The Council will use the present Johnsonville Library building as an interim extra warehouse facility, once the new Waitohi Library opens in December. The Mayor says more decisions have yet to be made around the new operating model, “but we’re happy to be in a position to now move ahead.”
Work to get the site ready is expected to take several months and items will be available to library members to request after the collection has been relocated.
Before then, Wellingtonians will see over 30,000 items across the CBD library network become available in the next few months: Arapaki Manners Library has a collection of 8,000 accessible items; He Matapihi Molesworth Library, due to open in October, will add around 5,000 items; and the new Brandon Street library will add another 20,000 items when it opens. Wellington’s 11 branch libraries presently hold around 250,000 items which library members can access.
Further information on the new Brandon Street library
- Once completed, the new library is expected to be open Monday to Friday 8am to 8pm, Saturday and Sunday 9.30am to 5pm and have a 24/7 book returns facility.
- Items in the collection will include fiction, non-fiction, audio-visual and world languages collections.
- The new library will have dedicated zones with a variety of seating and spaces for quiet or collaborative work.
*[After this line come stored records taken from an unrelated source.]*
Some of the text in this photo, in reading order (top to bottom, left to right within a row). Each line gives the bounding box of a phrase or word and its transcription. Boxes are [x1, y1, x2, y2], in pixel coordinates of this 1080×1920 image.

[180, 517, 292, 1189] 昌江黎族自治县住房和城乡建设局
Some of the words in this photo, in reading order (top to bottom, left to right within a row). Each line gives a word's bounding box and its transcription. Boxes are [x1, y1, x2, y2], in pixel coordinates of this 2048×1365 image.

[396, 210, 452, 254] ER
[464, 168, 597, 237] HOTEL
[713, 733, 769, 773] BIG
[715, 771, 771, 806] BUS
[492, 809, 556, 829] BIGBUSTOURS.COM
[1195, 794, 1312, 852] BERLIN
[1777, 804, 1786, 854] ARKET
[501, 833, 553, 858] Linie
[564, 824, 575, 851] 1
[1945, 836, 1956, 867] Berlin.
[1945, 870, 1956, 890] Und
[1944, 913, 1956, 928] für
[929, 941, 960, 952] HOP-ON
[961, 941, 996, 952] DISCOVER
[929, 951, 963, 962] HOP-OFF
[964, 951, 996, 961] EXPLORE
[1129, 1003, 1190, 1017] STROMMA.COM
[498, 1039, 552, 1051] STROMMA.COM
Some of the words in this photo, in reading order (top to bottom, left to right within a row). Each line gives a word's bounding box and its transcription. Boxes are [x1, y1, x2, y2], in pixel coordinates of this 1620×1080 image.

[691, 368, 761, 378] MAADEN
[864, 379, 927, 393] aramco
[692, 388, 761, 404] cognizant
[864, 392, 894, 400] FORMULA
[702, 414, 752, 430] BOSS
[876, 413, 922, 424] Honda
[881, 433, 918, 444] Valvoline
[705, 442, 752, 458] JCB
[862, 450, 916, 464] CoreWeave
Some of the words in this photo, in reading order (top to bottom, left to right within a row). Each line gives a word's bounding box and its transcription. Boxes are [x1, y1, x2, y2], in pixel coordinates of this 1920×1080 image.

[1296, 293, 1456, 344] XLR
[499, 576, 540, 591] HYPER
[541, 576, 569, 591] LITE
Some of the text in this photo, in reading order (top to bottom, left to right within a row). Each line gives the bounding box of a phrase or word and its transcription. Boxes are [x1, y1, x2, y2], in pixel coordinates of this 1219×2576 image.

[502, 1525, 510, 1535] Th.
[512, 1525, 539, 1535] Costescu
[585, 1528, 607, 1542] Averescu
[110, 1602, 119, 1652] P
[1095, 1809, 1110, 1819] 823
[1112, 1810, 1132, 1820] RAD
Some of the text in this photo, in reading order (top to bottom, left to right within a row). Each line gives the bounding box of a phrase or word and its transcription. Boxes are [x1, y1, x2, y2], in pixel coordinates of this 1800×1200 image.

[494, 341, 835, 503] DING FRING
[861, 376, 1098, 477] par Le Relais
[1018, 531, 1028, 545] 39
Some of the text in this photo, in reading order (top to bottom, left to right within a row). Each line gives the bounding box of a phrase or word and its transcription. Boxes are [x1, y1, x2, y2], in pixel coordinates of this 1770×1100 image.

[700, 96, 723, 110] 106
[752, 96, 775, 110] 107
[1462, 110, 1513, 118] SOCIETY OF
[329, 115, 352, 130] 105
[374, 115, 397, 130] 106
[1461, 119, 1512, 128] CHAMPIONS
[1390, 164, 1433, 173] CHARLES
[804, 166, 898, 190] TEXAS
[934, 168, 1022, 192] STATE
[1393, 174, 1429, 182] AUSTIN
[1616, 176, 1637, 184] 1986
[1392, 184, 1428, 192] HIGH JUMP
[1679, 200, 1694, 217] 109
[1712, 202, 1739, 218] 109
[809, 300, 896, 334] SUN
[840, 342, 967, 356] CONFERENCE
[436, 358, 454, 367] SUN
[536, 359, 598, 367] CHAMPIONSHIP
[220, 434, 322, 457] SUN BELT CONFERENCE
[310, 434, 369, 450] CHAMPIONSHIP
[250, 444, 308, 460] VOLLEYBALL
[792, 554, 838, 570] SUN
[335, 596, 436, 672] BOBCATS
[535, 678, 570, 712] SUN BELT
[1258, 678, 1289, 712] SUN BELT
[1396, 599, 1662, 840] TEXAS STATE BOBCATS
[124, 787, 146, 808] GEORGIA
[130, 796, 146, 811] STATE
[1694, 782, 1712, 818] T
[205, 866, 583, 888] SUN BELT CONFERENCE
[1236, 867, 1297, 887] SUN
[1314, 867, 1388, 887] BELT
- Popular programmes like Baby Rock ‘n’ Rhyme and pre-school storytimes are planned to be offered along with other events which could include book clubs and author talks, free movie screenings, creative projects and activities.
- Customers will have access to the library catalogue and website, and a full range of self service options with staff on hand to help.
- Public computers, printing and photocopying facilities will be available with free Wi-Fi.